**WHAT IS NEEDED:** Every record needs to be repeated exactly; its pictures do not.

☆ ☆ ☆ ☆ ☆ ☆ ☆

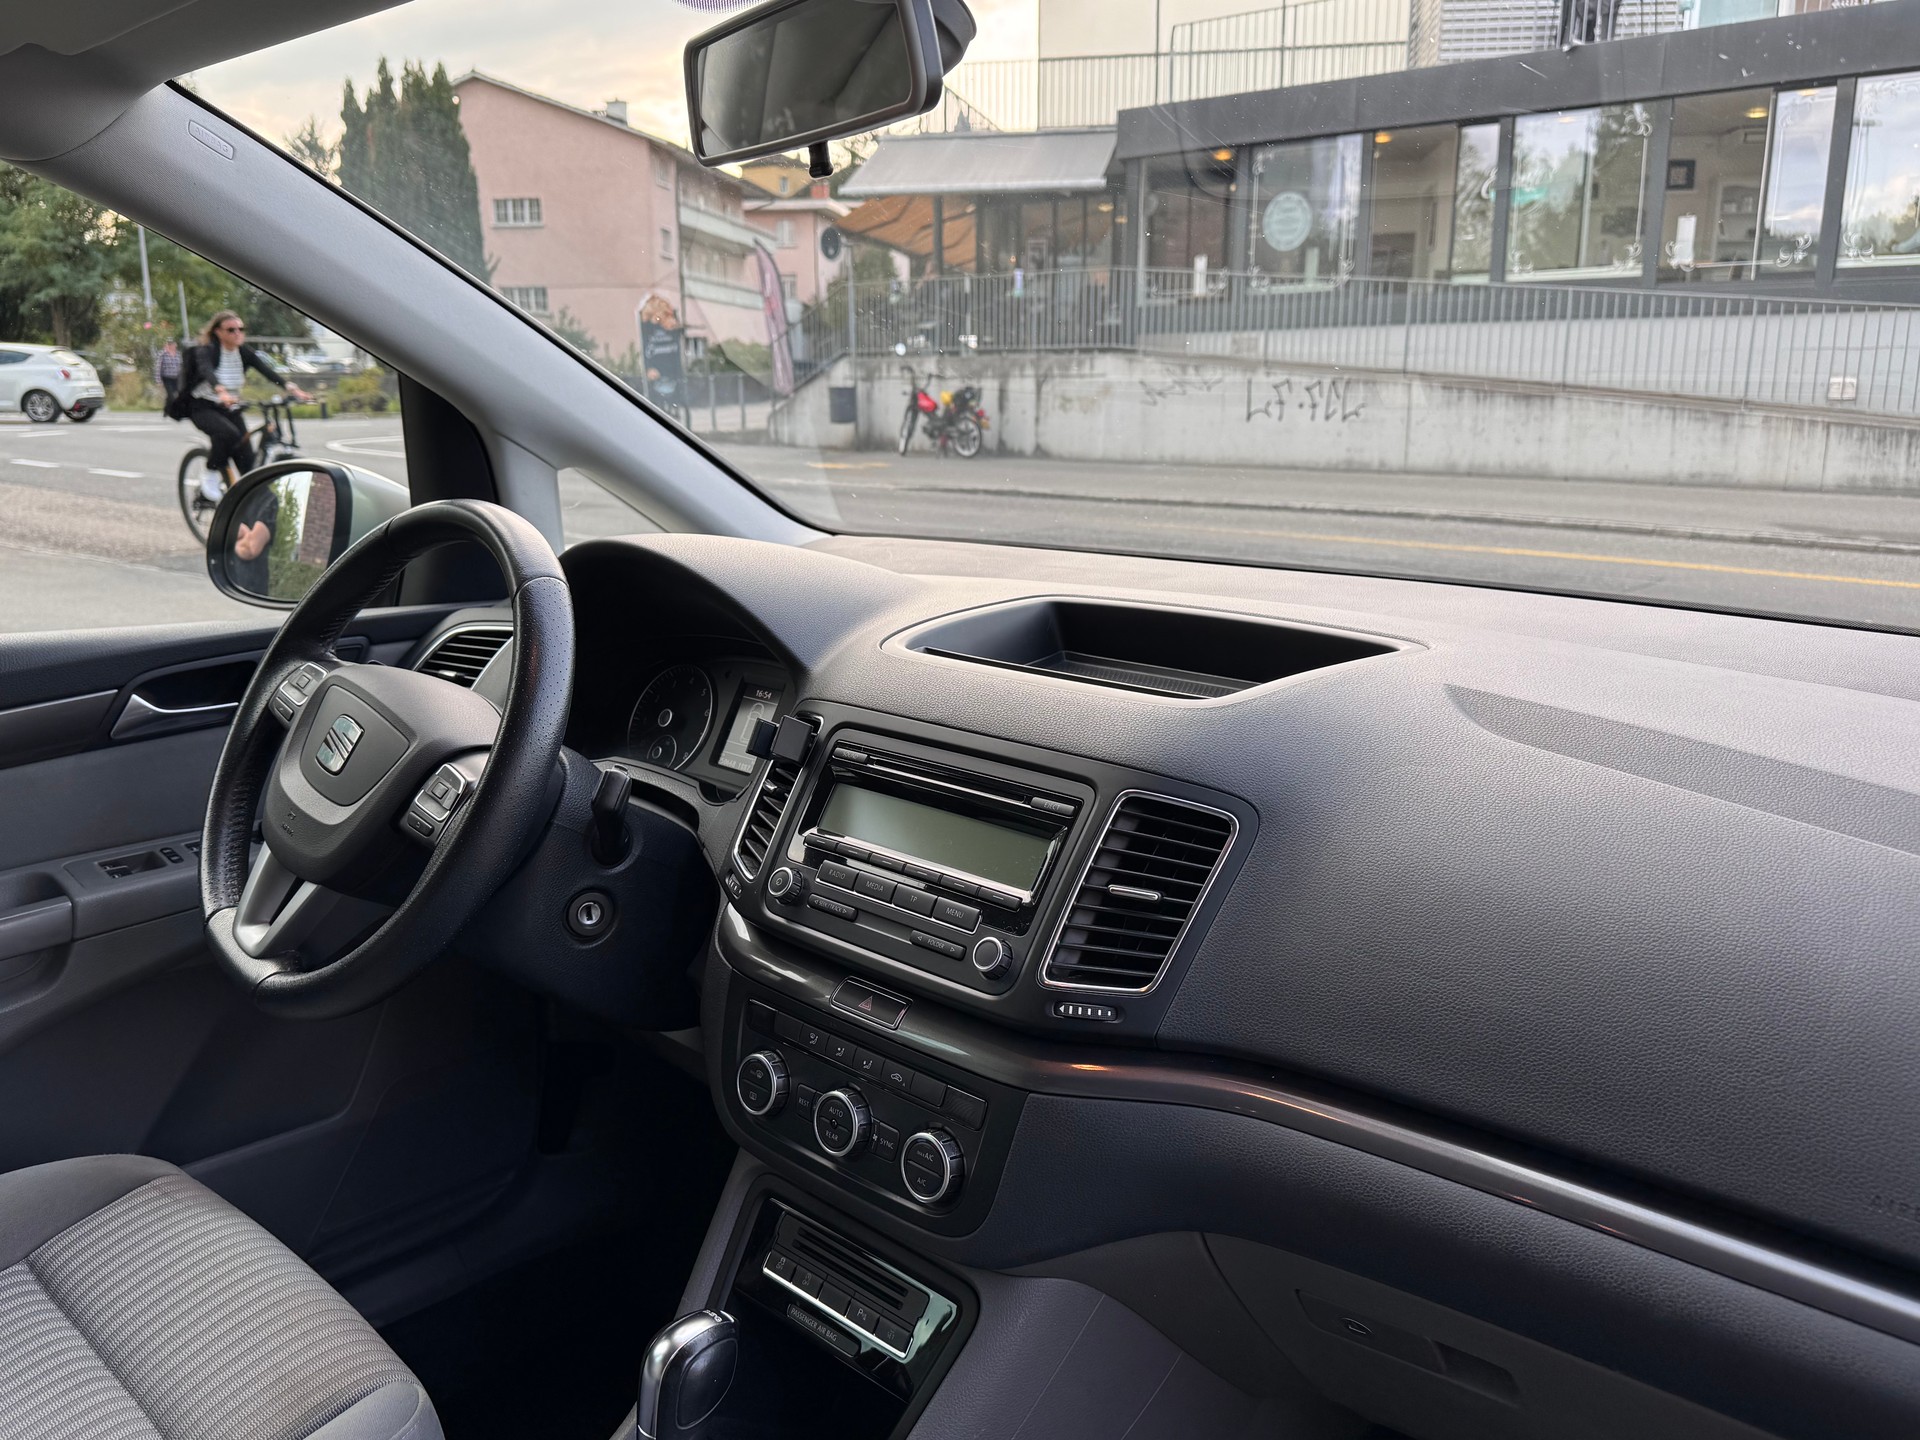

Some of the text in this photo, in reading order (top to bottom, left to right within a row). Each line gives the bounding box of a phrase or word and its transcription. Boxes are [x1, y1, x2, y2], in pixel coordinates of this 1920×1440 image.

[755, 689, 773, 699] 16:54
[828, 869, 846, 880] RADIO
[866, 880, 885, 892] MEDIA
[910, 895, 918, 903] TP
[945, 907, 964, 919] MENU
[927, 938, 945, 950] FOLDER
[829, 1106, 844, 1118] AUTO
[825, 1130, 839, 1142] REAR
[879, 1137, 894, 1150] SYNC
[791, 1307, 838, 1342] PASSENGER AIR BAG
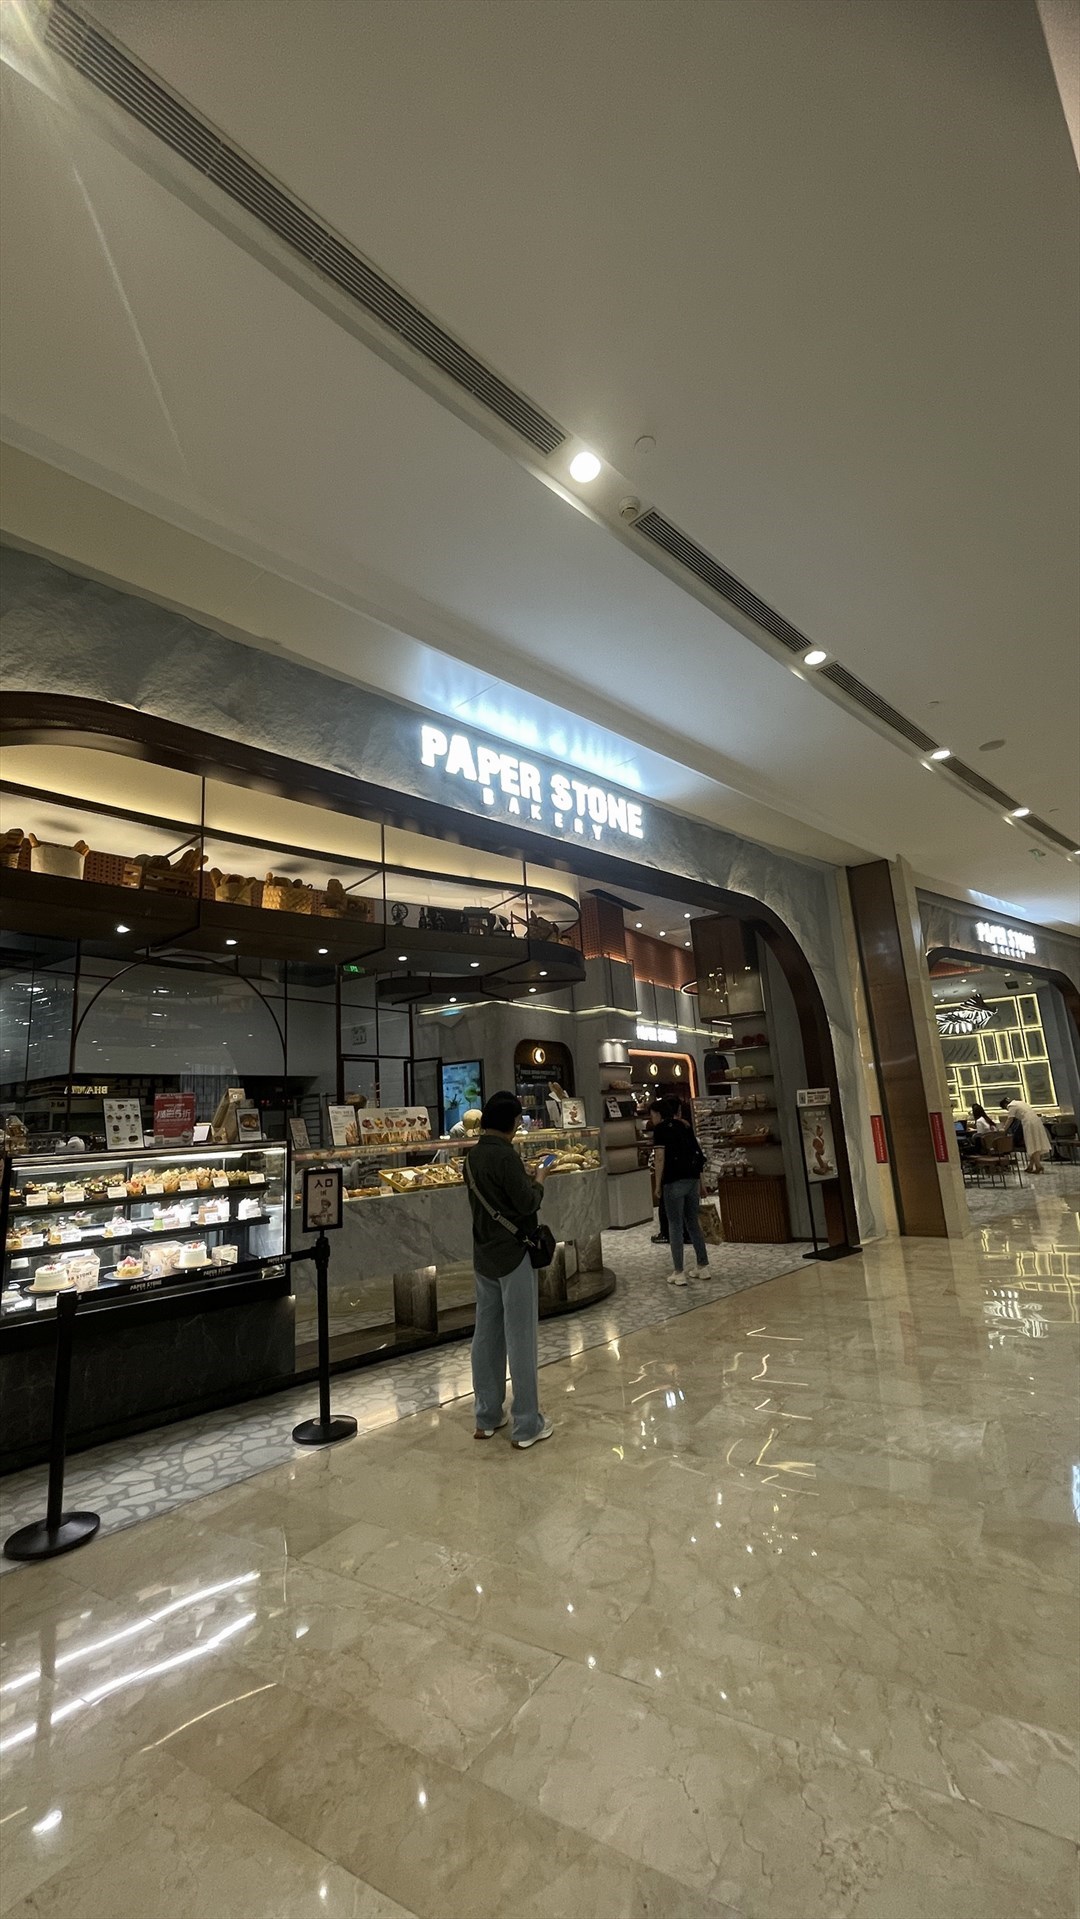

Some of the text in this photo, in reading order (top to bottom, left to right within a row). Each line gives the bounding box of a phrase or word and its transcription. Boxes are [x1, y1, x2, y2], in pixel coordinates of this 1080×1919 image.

☆ ☆ ☆ ☆ ☆ ☆ ☆

**SOLUTION TO THE EXERCISE:**
Some of the text in this photo, in reading order (top to bottom, left to right within a row). Each line gives the bounding box of a phrase or word and its transcription. Boxes are [x1, y1, x2, y2], in pixel coordinates of this 1920×1440 image.

[755, 689, 773, 699] 16:54
[828, 869, 846, 880] RADIO
[866, 880, 885, 892] MEDIA
[910, 895, 918, 903] TP
[945, 907, 964, 919] MENU
[927, 938, 945, 950] FOLDER
[829, 1106, 844, 1118] AUTO
[825, 1130, 839, 1142] REAR
[879, 1137, 894, 1150] SYNC
[791, 1307, 838, 1342] PASSENGER AIR BAG

Some of the text in this photo, in reading order (top to bottom, left to right within a row). Each line gives the bounding box of a phrase or word and its transcription. Boxes are [x1, y1, x2, y2], in pixel coordinates of this 1080×1919 image.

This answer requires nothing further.